S. – Ölür ölmez Allah’a gidecek miyiz?

Emre – Ölmeden gideceksin… Bundan sonra bir aşk zuhûr eder ki, tarifi mümkün değil.

S. – İnsan Allah’ı şu beş duygusu ile idrâk etmek istiyor.

Emre – O beş his, bize, Allah’ın zâtından gelmedir… Suların yönü denize olduğu gibi, bizim bilgilerimiz de Allah’ın zâtına doğrudur. Allah’ın bir ismi (Âlim), bir ismi (Basîr), bir ismi (Kelîm), bir ismi de (Semî)dir. Bu kudretler bizde de var; ondan gelmiştir. Allah (Ve nefahtü fihî min rûhi) demiyor mu? İşte bazı insanlar bize, böylece üflerler. Allah, onlar vasıtasiyle bize kendi nafakasından nefh eder. Bir aynayı güneşe tutarsın, güneş aynanın içine girer; ondan sonra o ayna ziyâyı başka eşyaya aksettirir, işte bunun gibi.

Her varlık, aklı neye eriyorsa, oraya doğru akıp gidiyor. Bunu anlatmak için (Hâzâ yevmünnüşûr!) dediği, hangi gün? İşte bugün! Baksana (hâzâ) demiş; hâzâ demek (bu) demektir. Ölürken, aklında ne varsa, o’sun. Fakat (Nokta-i Vâhid)i bulduktan sonra ne korku kalır, ne ihtiyaç. Bu hocalık, dervişlik, yani tekkelik, medreselik bir iş değil. Sizler, eski zaman hocalarından çok yükseksiniz; çünkü siz bu meseleleri konuşuyorsunuz; hâlbuki onlar, bunları konuşmayı günâh sayarlar. Günâhın ne olduğunu bilmedikleri için, bu meseleleri konuşmayı günâh sayıyorlar;  hattâ Kur’ân’ı olduğu gibi tercüme edemiyorlar, korkularından… Bir de bakıyorsun öbür taraf, bir İngiliz, Kur’ân’ı olduğu gibi tercüme ediyor… Ne kadar hoşuma gider. Hâlbuki biz Kur’ân’ı harfi harfine tercüme edemiyoruz; yani anlamadığımız veya işimize gelmeyen yerleri tefsîre kalkıyoruz hâlbuki Kur’ân’ı ehli mezâhir tefsîr edemez.

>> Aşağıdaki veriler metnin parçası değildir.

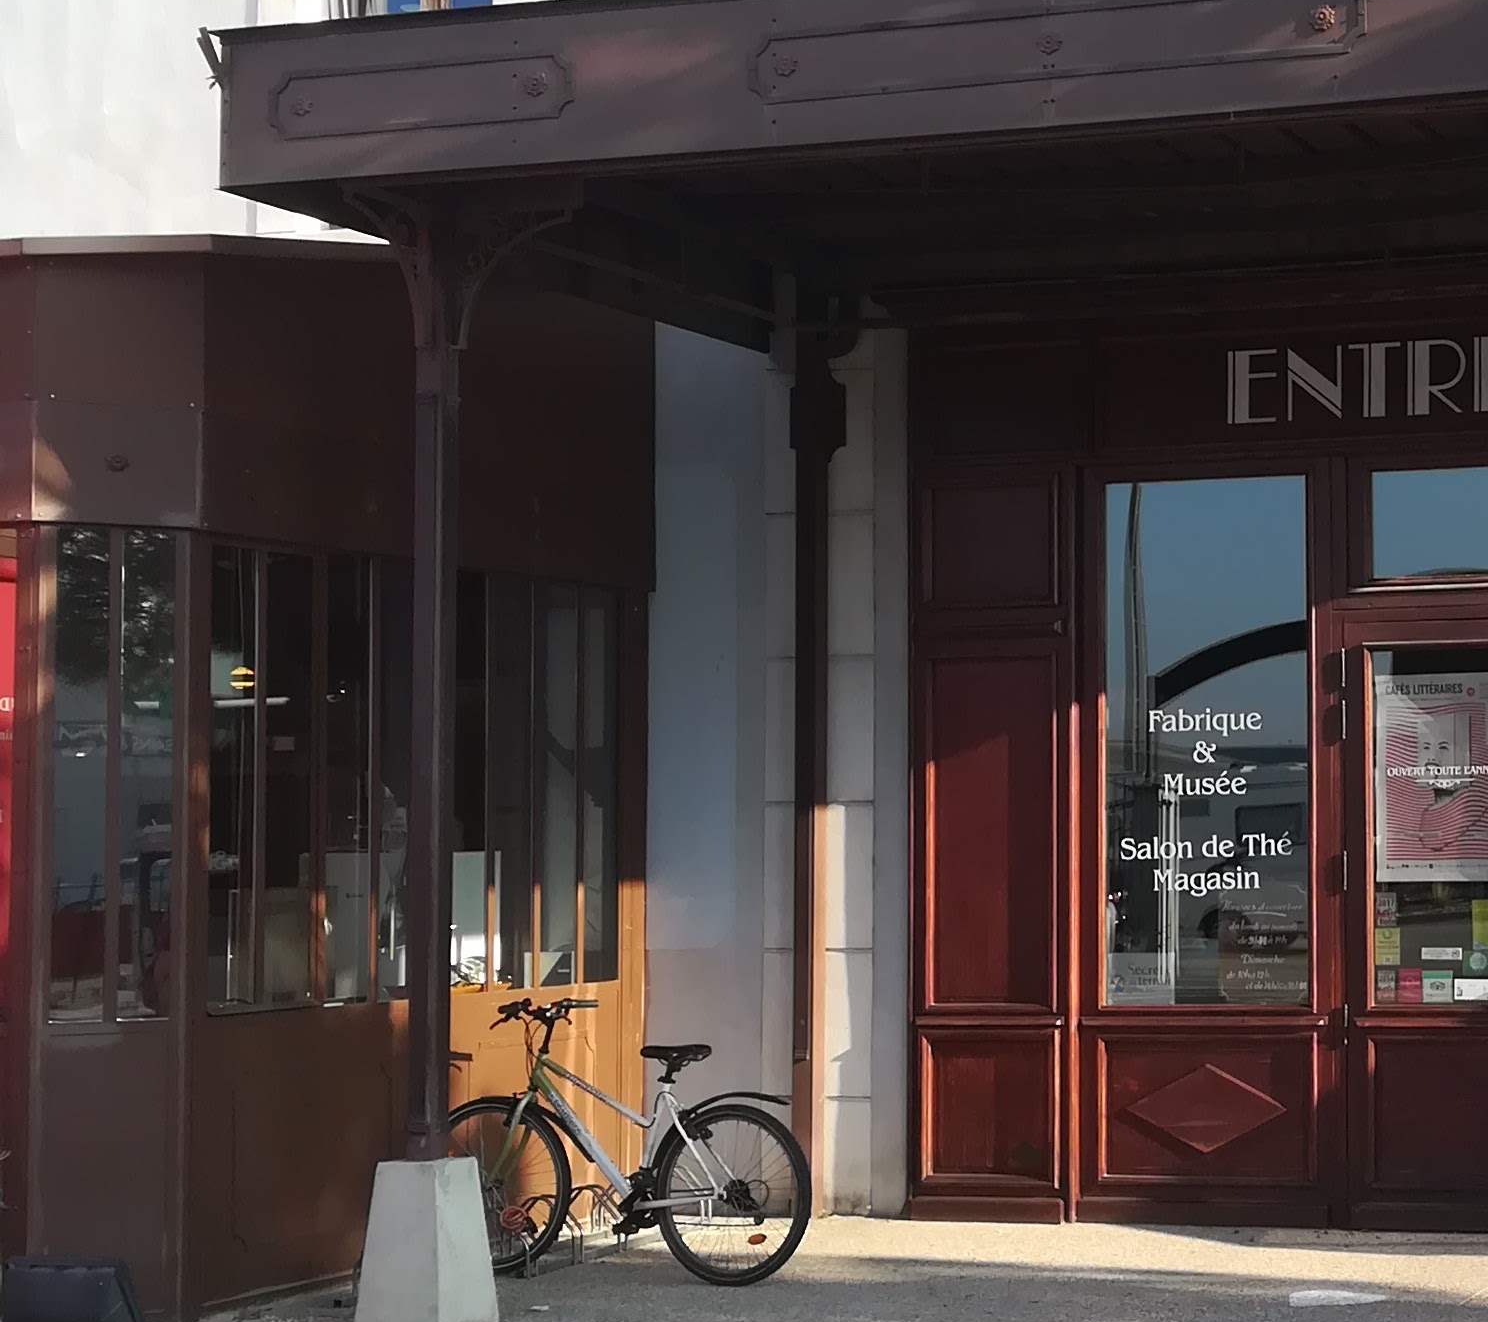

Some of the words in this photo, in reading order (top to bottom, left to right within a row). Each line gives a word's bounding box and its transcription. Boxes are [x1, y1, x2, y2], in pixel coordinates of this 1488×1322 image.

[1148, 707, 1263, 737] Fabrique
[1193, 740, 1217, 764] &
[1163, 770, 1247, 797] Musée
[1387, 765, 1426, 777] OUVERT
[1428, 764, 1463, 776] TOUTE
[1120, 835, 1194, 861] Salon
[1201, 834, 1235, 859] de
[1241, 830, 1293, 858] Thé
[1152, 865, 1261, 897] Magasin
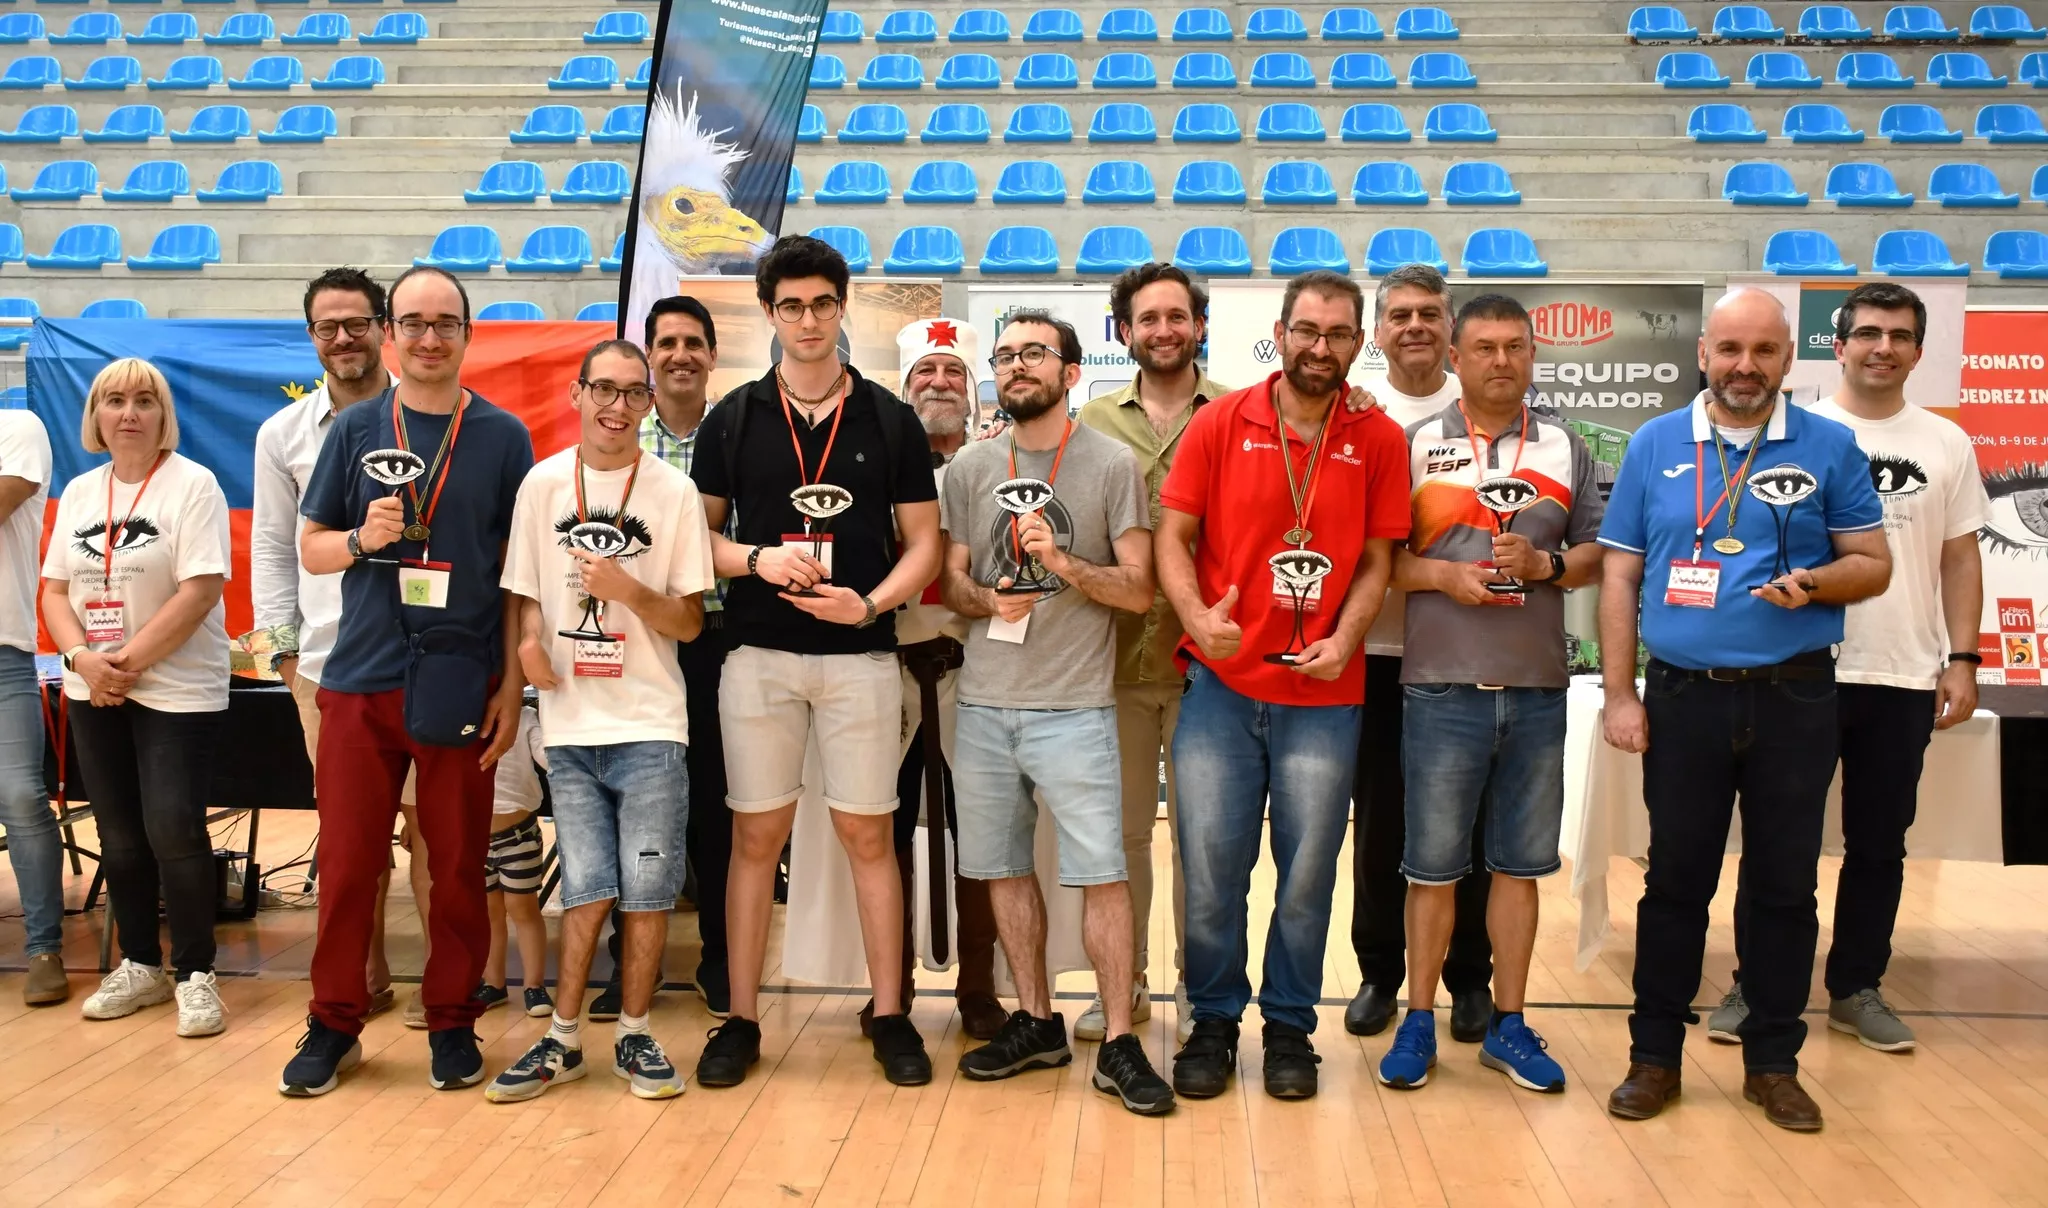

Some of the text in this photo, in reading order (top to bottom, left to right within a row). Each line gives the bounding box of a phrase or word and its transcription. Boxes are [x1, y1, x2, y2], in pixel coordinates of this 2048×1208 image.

[1528, 303, 1613, 338] TATOMA
[1080, 353, 1136, 365] olution
[1961, 354, 2045, 370] PEONATO
[1533, 362, 1680, 387] EQUIPO
[1960, 388, 2048, 404] JEDREZ IN
[1969, 433, 1997, 446] ZÓN,
[1999, 435, 2021, 446] 8-9
[2023, 436, 2038, 446] DE
[1428, 446, 1457, 457] vive
[1426, 458, 1472, 474] ESP

İlim insanı kurtaramaz. Hadi Kur’ân’ı Türkçeye çevirdik; bizde Kur’ân’ın hâli tecellî etmezse, Kur’ân’dan hiçbir şey anlayamayız. Eğer Kur’ân sadece dış mânâsından ibâret bir kitap olsaydı, Arapların hepsinin evliyâ olmaları lâzımdı çünkü onlar, Arapça biliyorlar. Hâlbukî Türkler, Araplardan daha çok evliyâ yetiştirmişlerdir.

İnsanın aşkı olmazsa Allah’tan istifâde edemez. İnsan, tad alma hassası olmazsa, şekerden ne anlar?

Allah’a bağlanan insanlar, bunamazlar. Bu vücut tabiattan çıkmıştır, ona mahkûmdur; onun için ihtiyarlayacak ve çürüyecektir. İş, aklın ihtiyarlamamasında yani bunamamasındadır. Allah’a âşık olanların zekâsı, gittikçe artar. Bir devre, yani muvakkat bir zaman için donuklaşır gibi olur amma, arkası ışıktır. Ben bu doğuşları söylerken ne söylediğimi bilmem. Şimendiferden çıkıp, dükkân açtığımız sene traktör yatakları gelmiyordu hariçten; harp vardı. Yatağın yapıldığı mâdenin üstünde bir boya var, asıl iş onda; ben tecrübeyle o mâdeni müşkülâtla tutturmaya çalışırken kendimden geçerdim, bu doğuşlar doğardı; kaynak da mükemmel olurdu. Yani demek isterim ki bu tefekkür, işimize, vazifemize mâni olmaz. Zaman gelir ki, talebeye ders verirken dilinden söylenen sözlere hayret edersin. Ben hakîkaten âcîz bir adamım; fakat o Kudret’e murâbıt olunca, benim âcîz ağzımdan o Kudret söylüyor. Yüksek profesörler gelir, suâl sorarlar; ben oraya murâbıt olunca onların da müşkülleri hallolur. Allah zâlim mi ki kendine bağlanan insanı alıklaştırsın?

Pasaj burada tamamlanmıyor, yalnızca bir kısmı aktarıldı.